Vertigo angustior, the narrow-mouthed whorl snail, is a species of small land snail, a terrestrial pulmonate gastropod mollusk or micromollusk in the family Vertiginidae, the whorl snails.

- Subspecies
- † Vertigo angustior intermedia Schlickum & Strauch, 1979

==Description==

The shell measures 1.6 to 2.0 mm (mean: 1.8 mm) in height and 0.9 1.05 mm (mean: 1 mm) in width. It is oblong ovoid with 4.5 to 5.35 whorls (mean 5). The aperture is sinistral and relatively small. The aperture edge is bent (indented) and slightly thickened and the aperture is slightly notched, the notch continuing outside as a spiral groove. The aperture bears 5-6 mainly short denticles: 2 parietal; 2 columellar; 1 palatal, the latter relatively long. The shell is brown to yellowish brown or horn coloured and has a fine growth striation.

== Distribution ==
- IUCN red list - conservation dependent
- It is mentioned in Annex II of the European Union's Habitats Directive.

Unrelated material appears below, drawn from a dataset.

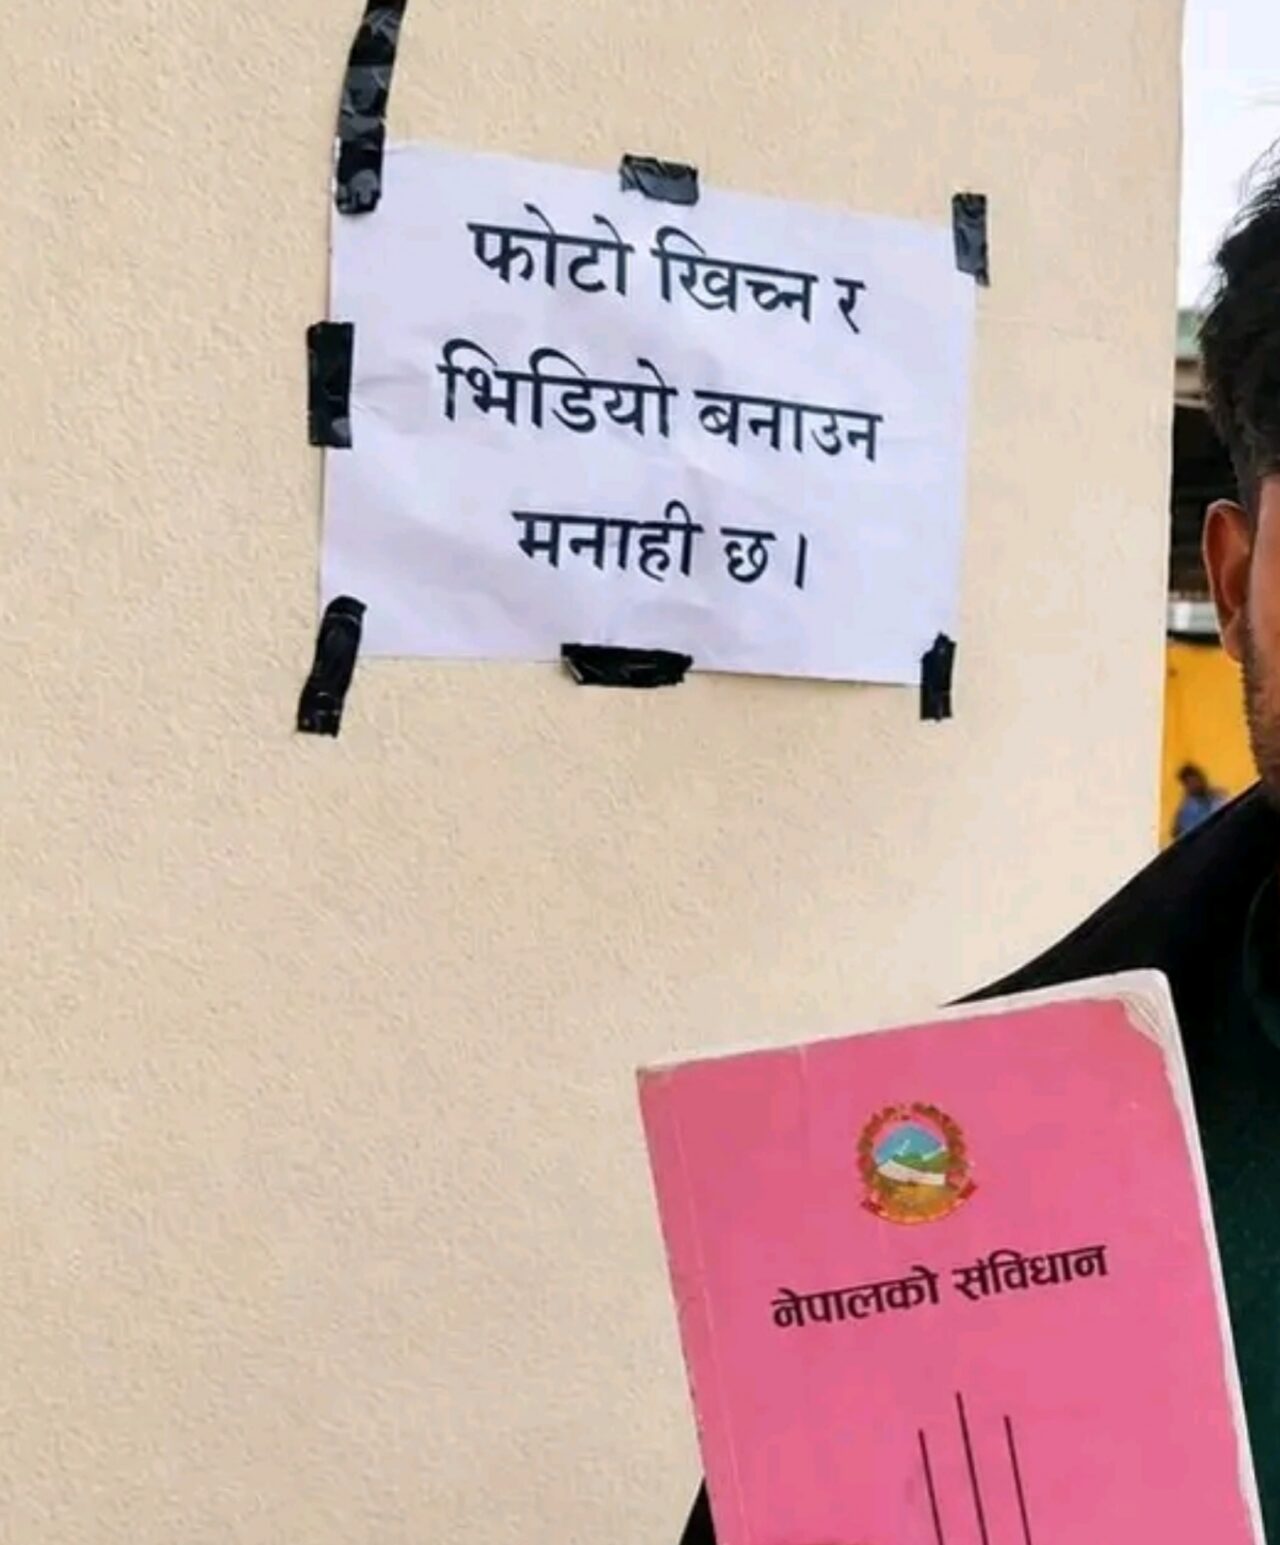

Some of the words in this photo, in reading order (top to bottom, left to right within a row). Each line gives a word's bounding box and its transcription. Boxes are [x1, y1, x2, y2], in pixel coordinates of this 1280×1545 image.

The species occurs in many countries in Europe and in Asia:

Western Europe:
- Great Britain in List of endangered species in the British Isles (Ireland, United Kingdom). Endangered in Great Britain.
- Ireland Conservation status: Vulnerable (VU)
- Belgium
- France
- Liechtenstein
- Netherlands
- Switzerland

Central Europe:
- Austria
- Czech Republic - vulnerable (VU). Its conservation status in the Czech Republic in 2004-2006 is bad (U2) in pannonian area and favourable (FV) in continental area in report for European Commission in accordance with Habitats Directive.
- Germany
- Hungary
- Poland - endangered
- Slovakia
- Slovenia

Northern Europe: Denmark, Finland, Norway, Sweden

Eastern Europe: Belarus, Estonia, Latvia, Lithuania, Russian Federation, Ukraine

Southern Europe: Italy, Romania

Asia: Armenia, Azerbaijan, Georgia.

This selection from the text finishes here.